++++ INPUT MATERIAL

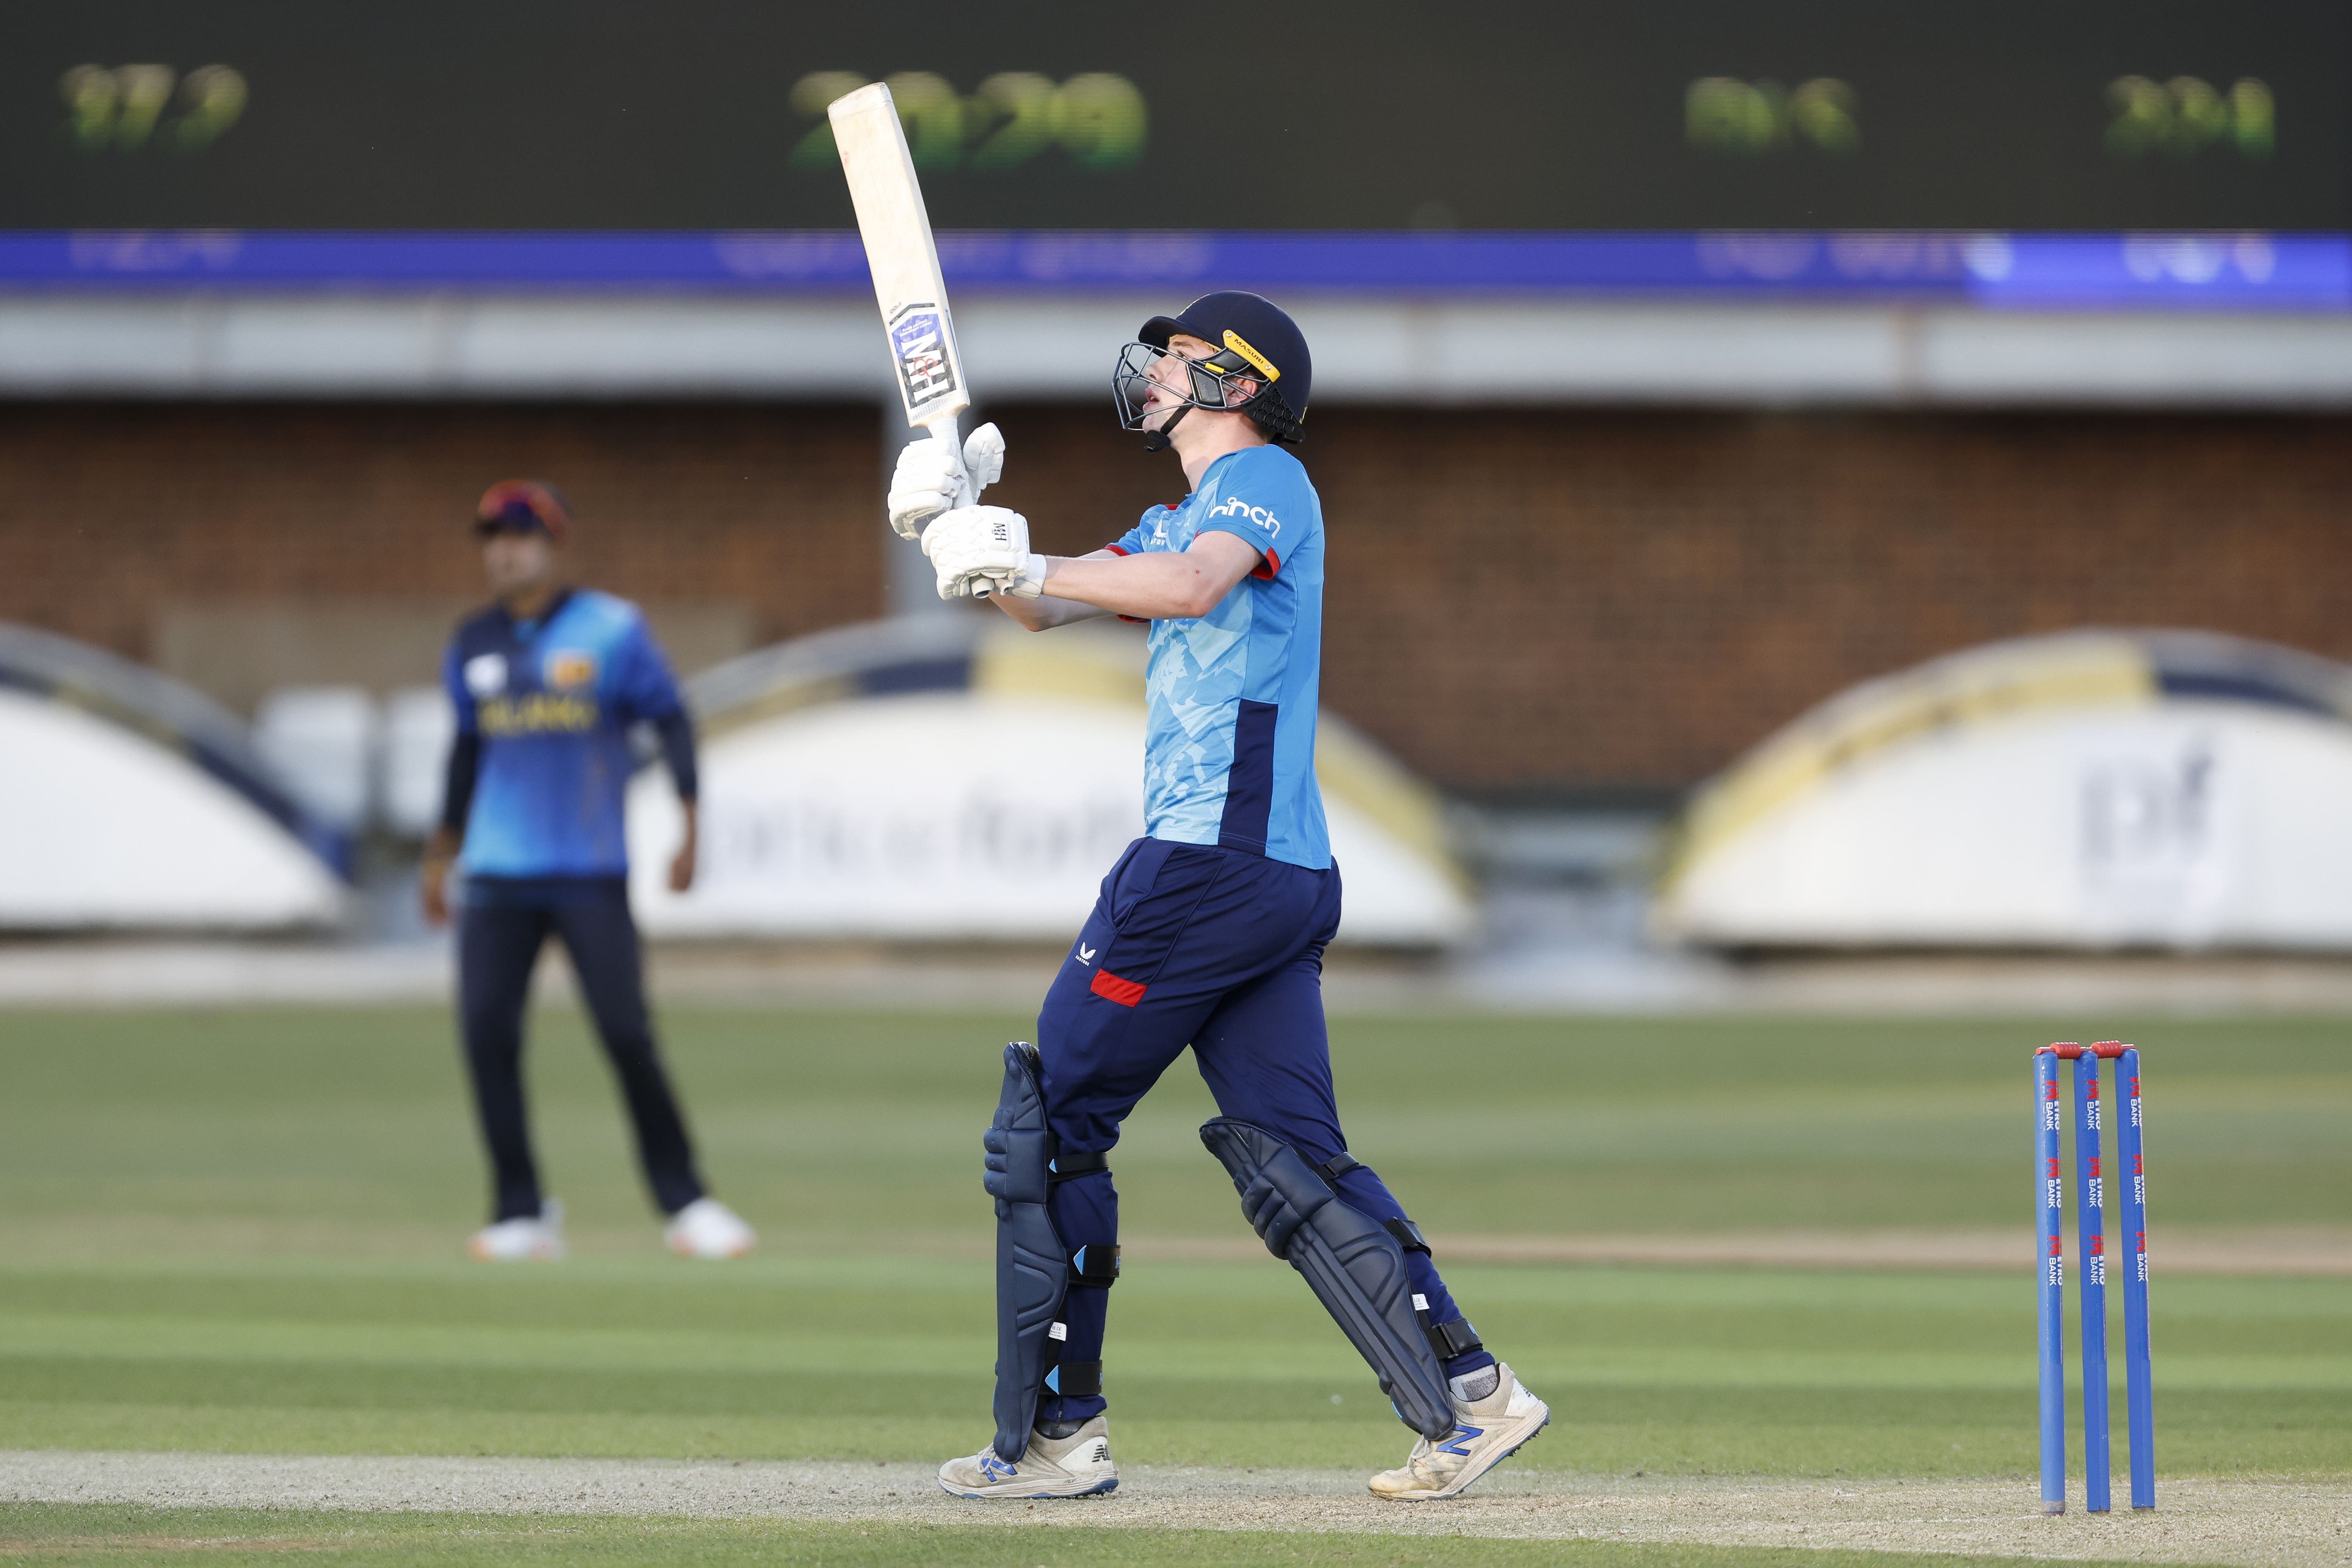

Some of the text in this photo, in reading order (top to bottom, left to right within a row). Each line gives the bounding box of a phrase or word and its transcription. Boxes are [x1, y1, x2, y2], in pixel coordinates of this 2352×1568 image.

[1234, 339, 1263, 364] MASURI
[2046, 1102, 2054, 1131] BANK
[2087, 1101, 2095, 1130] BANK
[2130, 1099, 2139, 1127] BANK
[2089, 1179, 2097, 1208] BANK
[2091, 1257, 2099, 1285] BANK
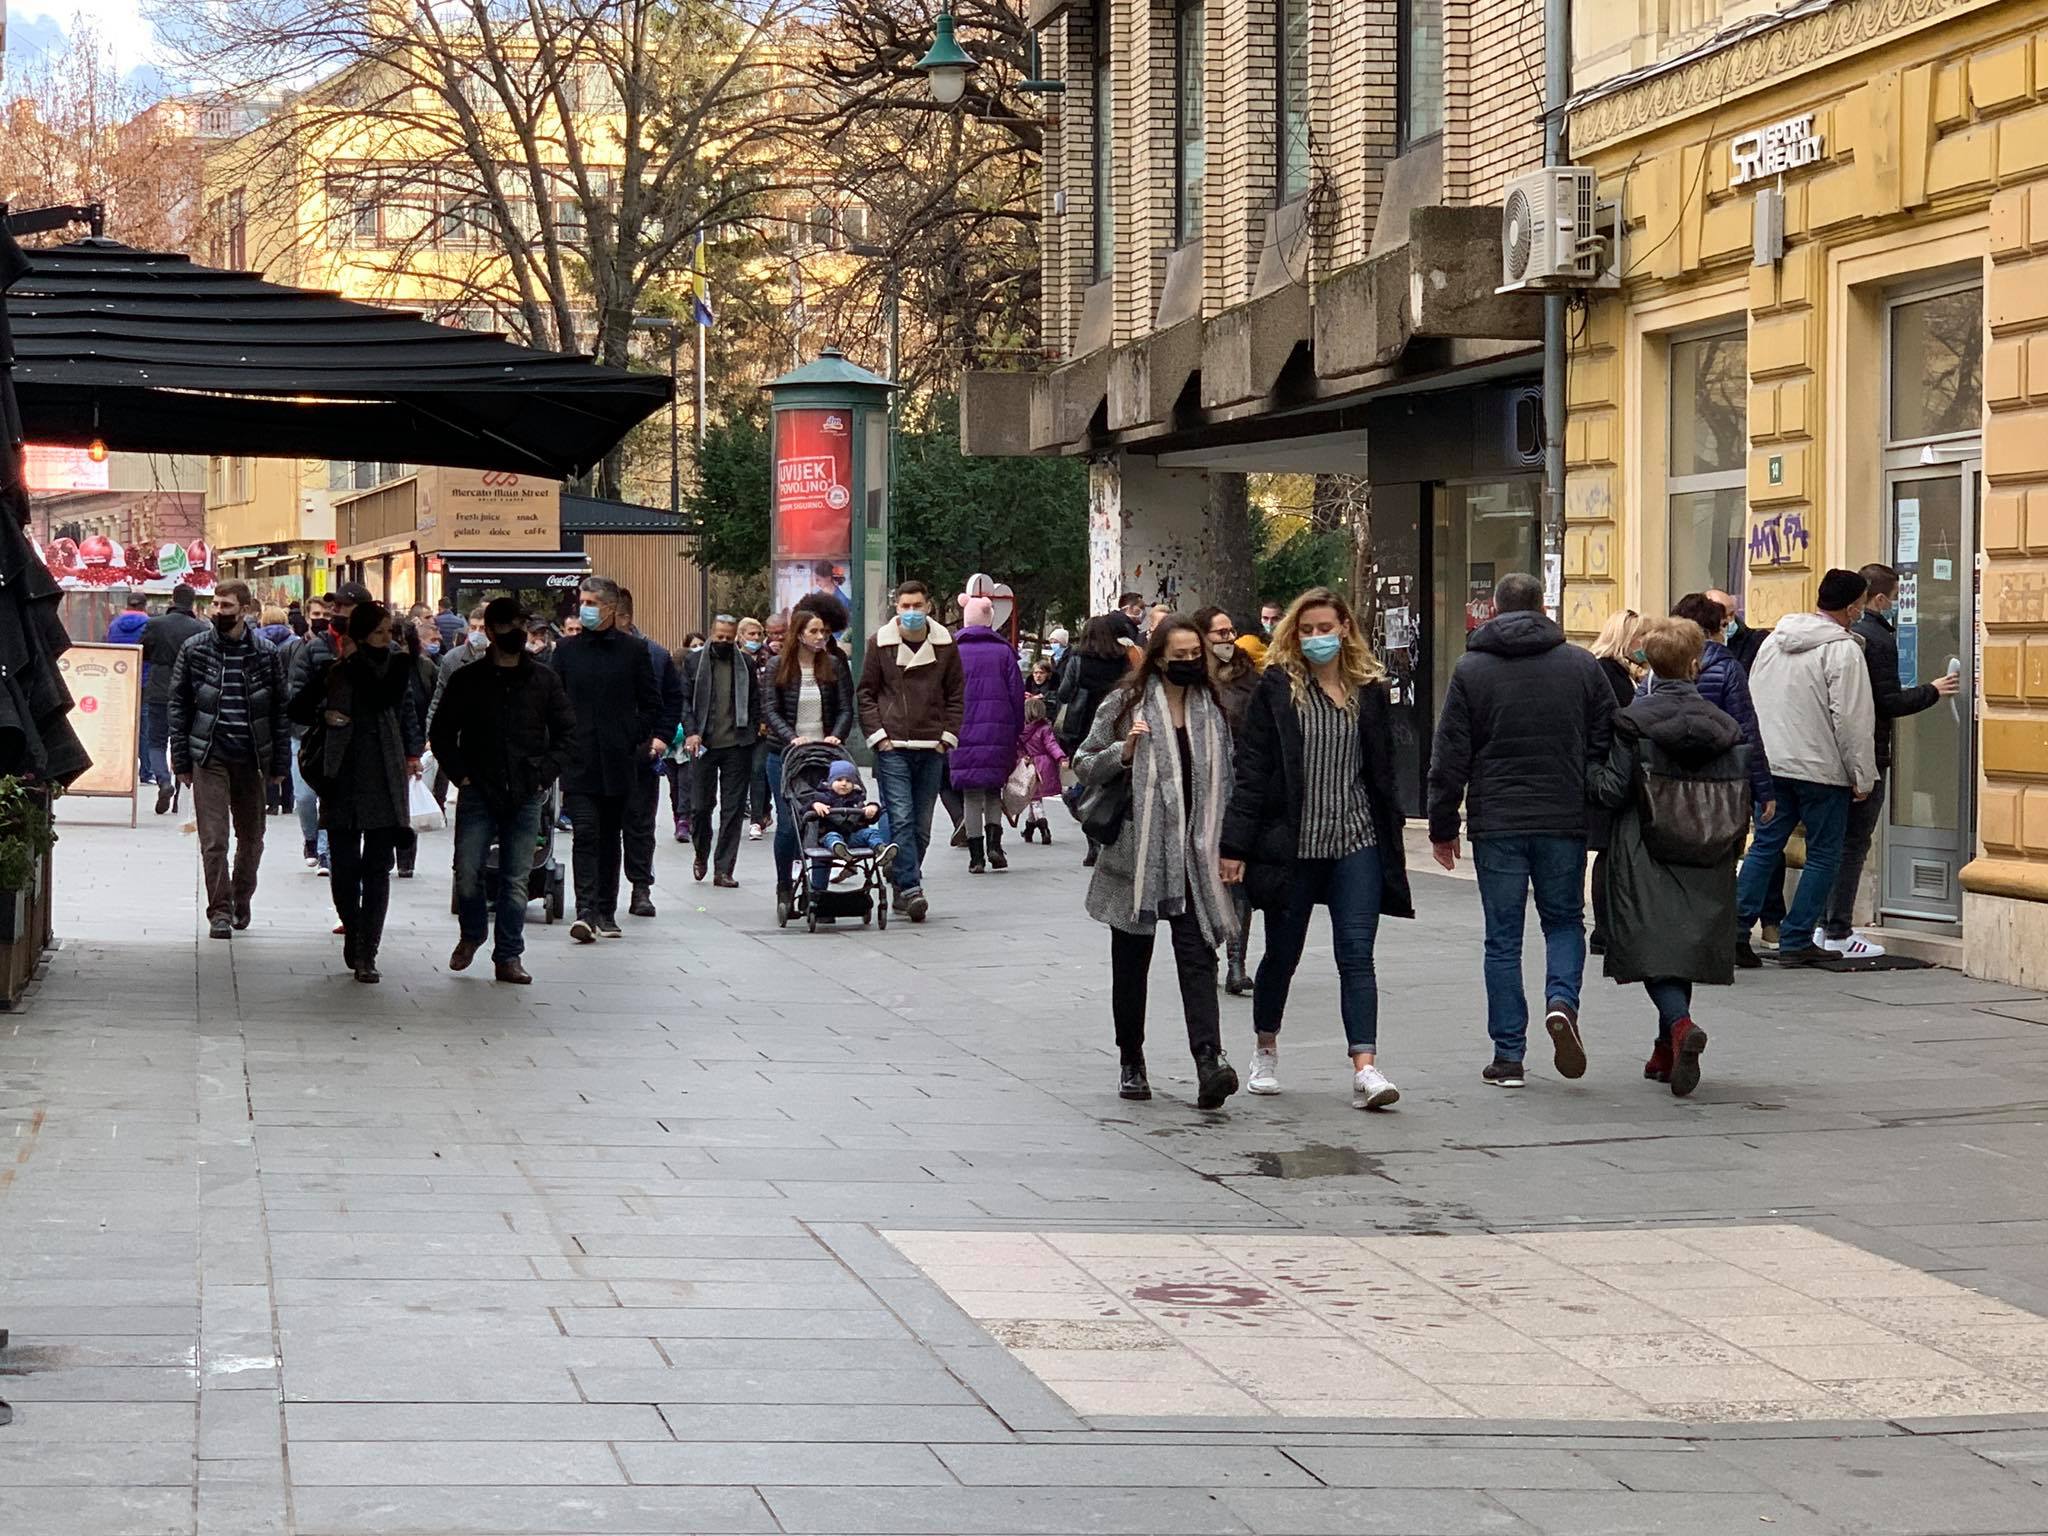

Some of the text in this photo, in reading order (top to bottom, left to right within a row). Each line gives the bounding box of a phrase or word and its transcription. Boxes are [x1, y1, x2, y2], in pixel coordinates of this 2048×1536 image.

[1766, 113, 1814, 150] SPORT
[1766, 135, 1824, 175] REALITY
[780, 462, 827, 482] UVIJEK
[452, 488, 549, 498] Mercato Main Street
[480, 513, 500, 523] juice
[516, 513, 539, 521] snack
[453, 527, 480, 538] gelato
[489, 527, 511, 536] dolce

++++++++

GOAL OF THE EXERCISE
Find the line that contains "this 2048×1536 image.". Restate it and all lines after it exactly, ending with the final line of the data.

ANSWER BELOW
Some of the text in this photo, in reading order (top to bottom, left to right within a row). Each line gives the bounding box of a phrase or word and its transcription. Boxes are [x1, y1, x2, y2], in pixel coordinates of this 2048×1536 image.

[1766, 113, 1814, 150] SPORT
[1766, 135, 1824, 175] REALITY
[780, 462, 827, 482] UVIJEK
[452, 488, 549, 498] Mercato Main Street
[480, 513, 500, 523] juice
[516, 513, 539, 521] snack
[453, 527, 480, 538] gelato
[489, 527, 511, 536] dolce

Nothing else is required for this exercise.